Are there ways to be a good mother? Award winning Guardian columnist, Suzanne Moore says yes. And I tend to agree with her.
Let’s face it, parenting is like a trying to navigate your way through a foreign country without a map or knowledge of the local language. You can read every book on the shelf but at the end of the day, you pretty much just have to trust your instincts, cross your fingers and hope for the best.
The rights and the wrongs are fairly black and white. DO NOT let them play on the road or light matches. DO try to feed them nutritious food and keep them sheltered and safe.
But there are some other, less obvious lessons as parents that we can’t be told about, that we have to experience firsthand to understand.
Suzanne Moore points out, it’s not all about you.

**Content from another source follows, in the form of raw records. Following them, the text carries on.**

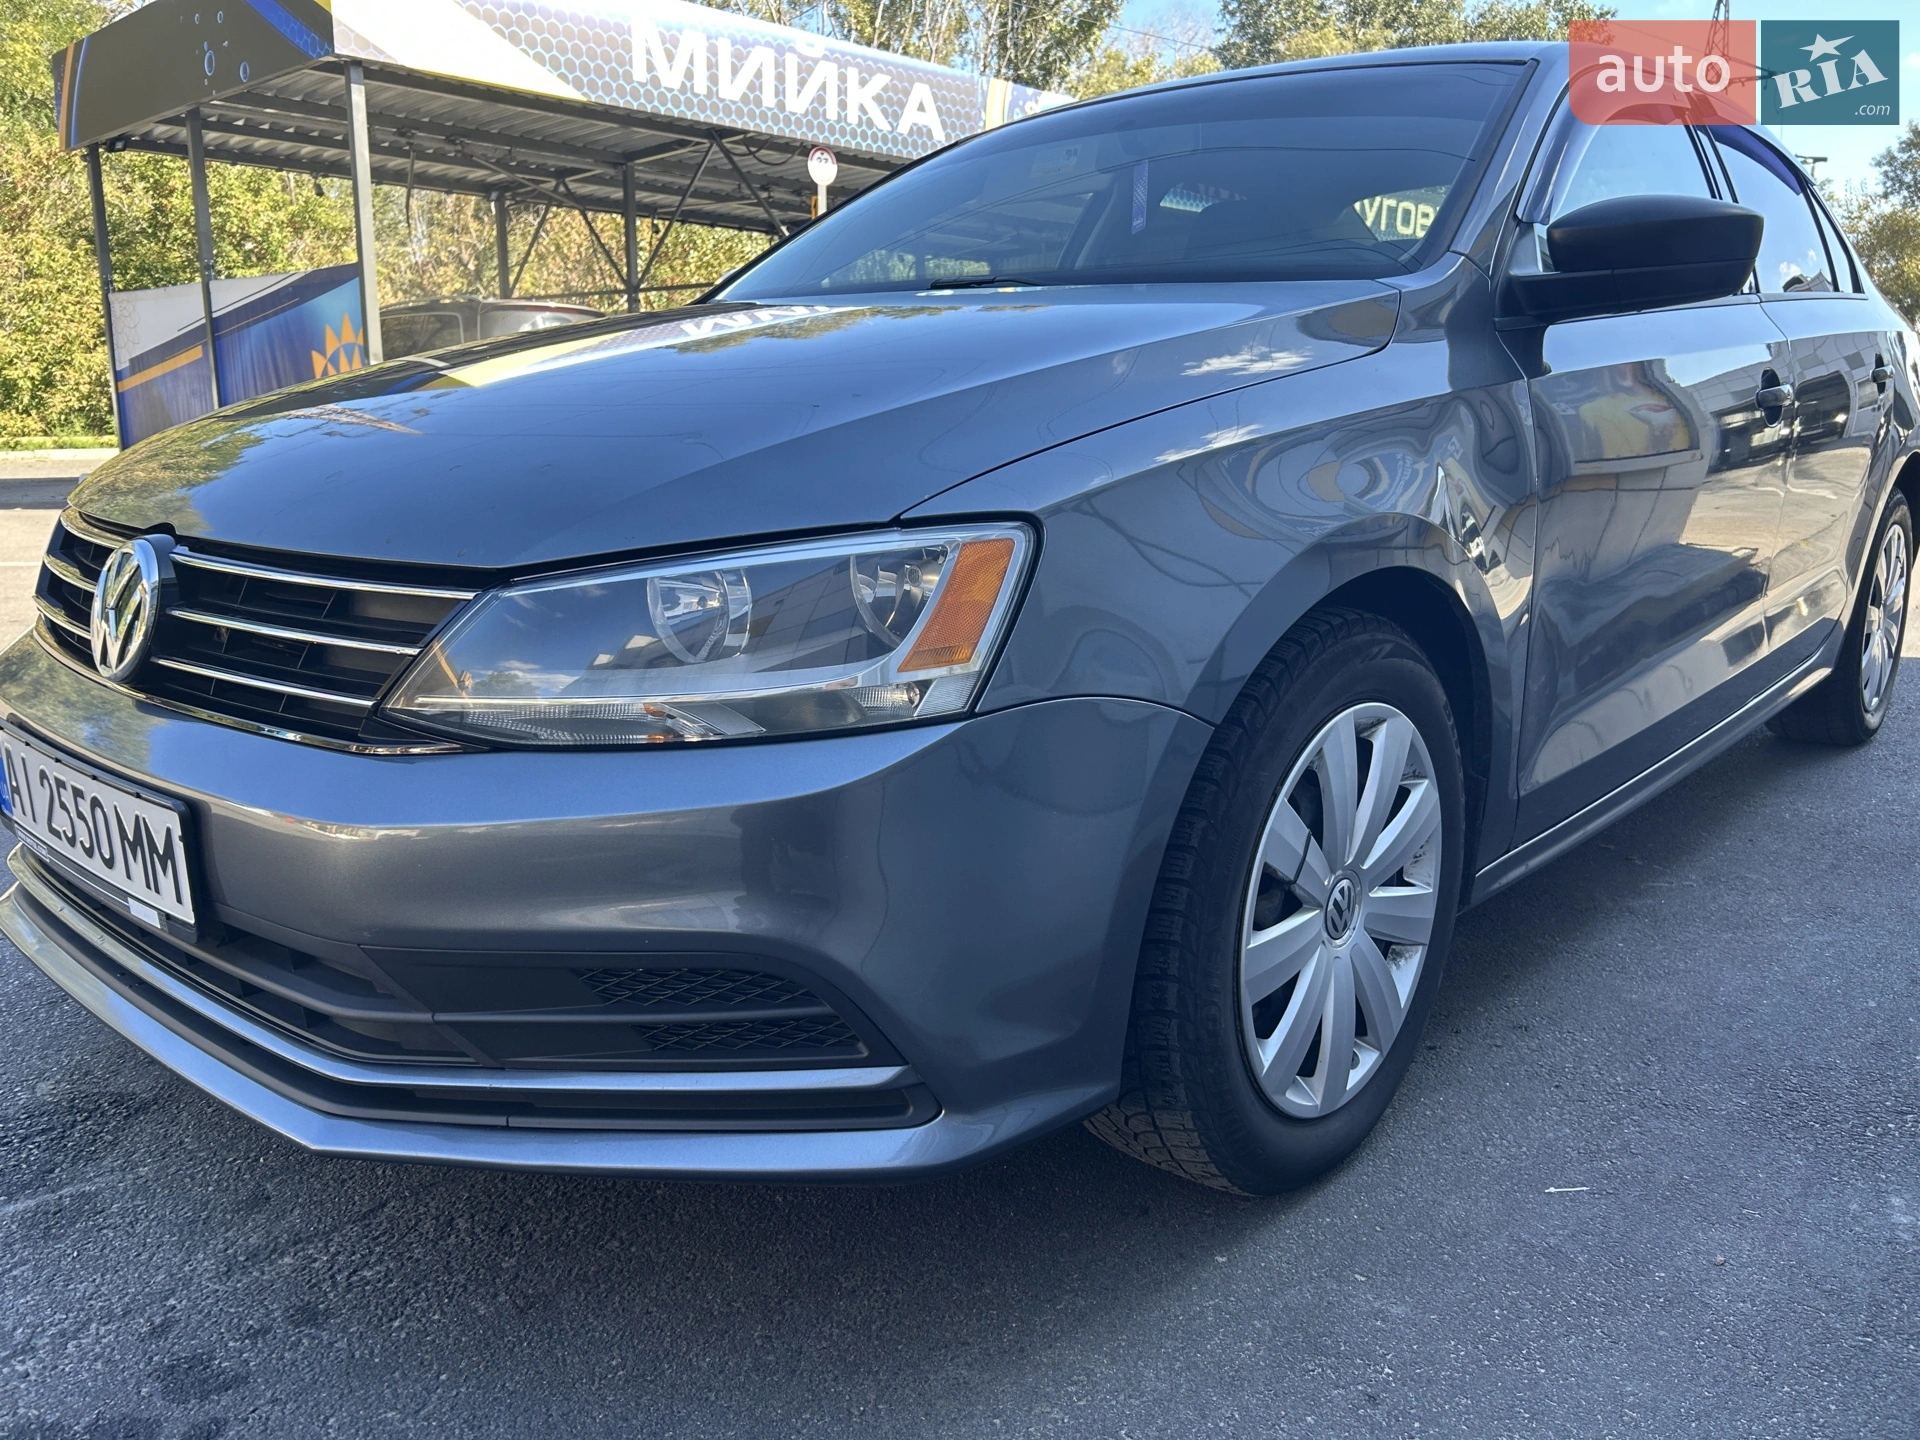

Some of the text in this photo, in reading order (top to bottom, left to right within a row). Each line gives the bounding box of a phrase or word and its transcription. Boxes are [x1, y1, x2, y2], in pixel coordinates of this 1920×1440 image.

[631, 15, 946, 142] МИЙКА
[1353, 195, 1440, 238] УГОВ
[4, 744, 183, 906] AI 2550 MM
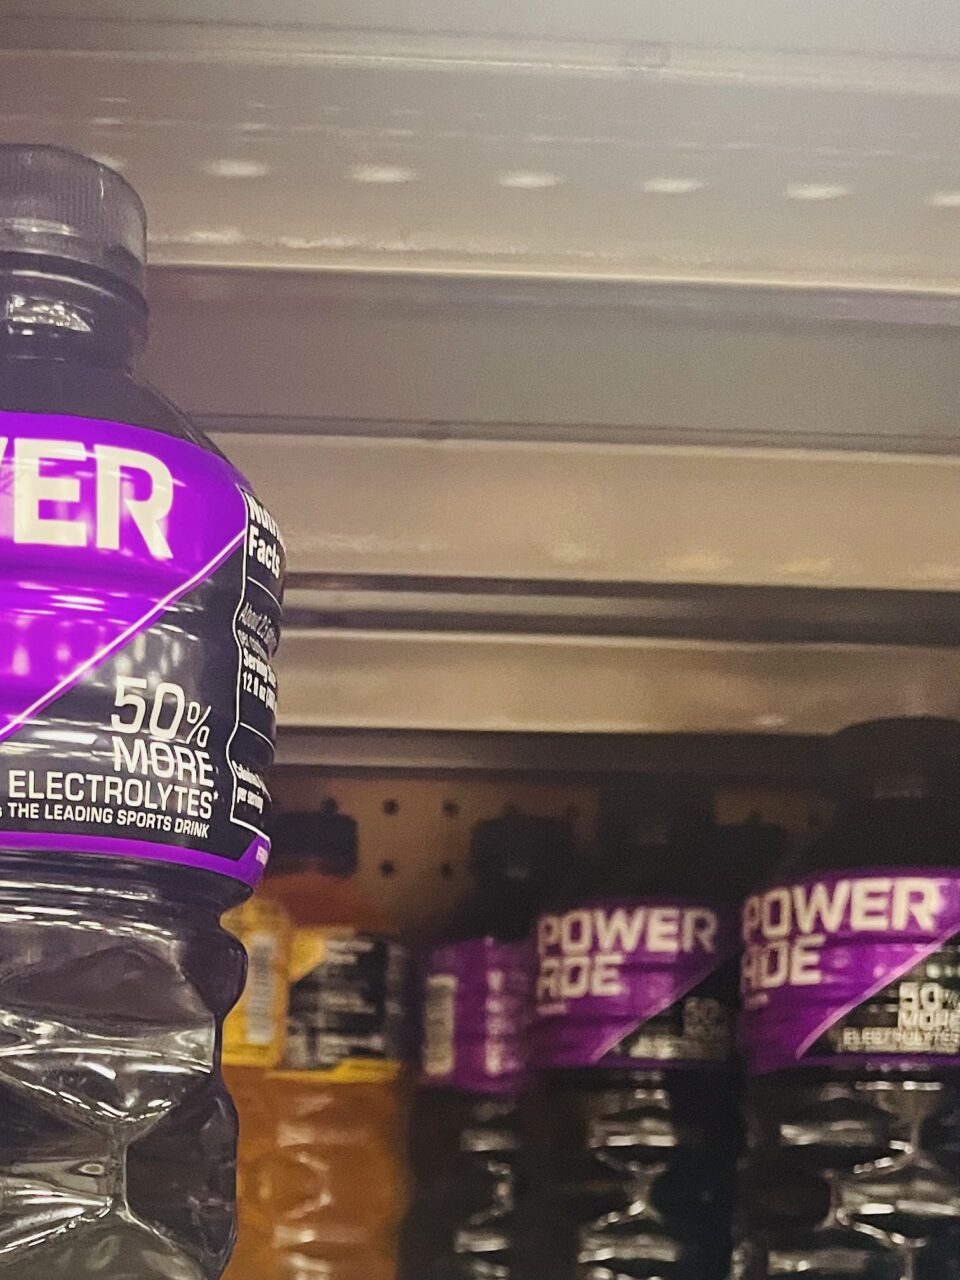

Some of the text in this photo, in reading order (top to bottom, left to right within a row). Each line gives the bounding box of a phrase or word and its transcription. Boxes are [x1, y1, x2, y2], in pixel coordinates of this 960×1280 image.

[248, 525, 280, 579] Facts
[111, 675, 212, 748] 50%
[112, 736, 215, 787] MORE
[8, 802, 39, 819] THE
[45, 803, 113, 824] LEADING
[116, 811, 171, 832] SPORTS
[174, 818, 210, 839] DRINK
[538, 906, 718, 955] POWER
[743, 878, 939, 941] POWER

In her recent article that was published in The Observer, “How to be a good mother”, Moore encourages mothers to relax, recognise that no child ever died from crying and most importantly, to get a lock for the bedroom door “If you ever want to have sex again”.
Here are some more of her wisdoms:
“Everything is a phase. Even the long one from 10 to 16 called adolescence or the Seventh Circle of Hell. At this point you need to know only three things: children do not learn by your mistakes but by their own; the fact that they want you around does not mean they want to be with you or even talk to you; and lastly, parents are very poor at risk assessment. In other words: let them go.”
This too shall pass. It will feel like you are in the middle of a hurricane for most of your child’s life. Just know that from toddlerhood through to adulthood, they will keep you guessing. They will surprise you, scare you, delight you and often disappoint you. And although you won’t always like them, you will always love them. Hey, you might get lucky and never receive an eye roll or an irrational slammed door. If you do though, can you contact the Vatican? You may have just witnessed a miracle.
“If you want a life, make your children portable. Teach them to sit at tables in restaurants, sleep in airports, talk to strangers, pass out in buggies in pub gardens. Do not let them express their feelings at all times. This is manners. Please, thank you and knocking on a door before they go in will open doors for them for the rest of their lives.”
Seriously, that last sentence should be every school’s motto.
“Put a lock on your bedroom door if you want sex. Ever again.”
Seriously. Just do this. I say this even though my youngest child has learned how to spring the lock recently. Sometimes it feels like I gave birth to Butch Cassidy.
“Introduce them to new partners only if something going on is more than sex.”
Life is messy as an adult. Your own relationships can be confusing to your children but it doesn’t have to be. I agree with Suzanne here. Until you are sure that the person has the potential to be more than just ‘fun’, try and avoid introductions.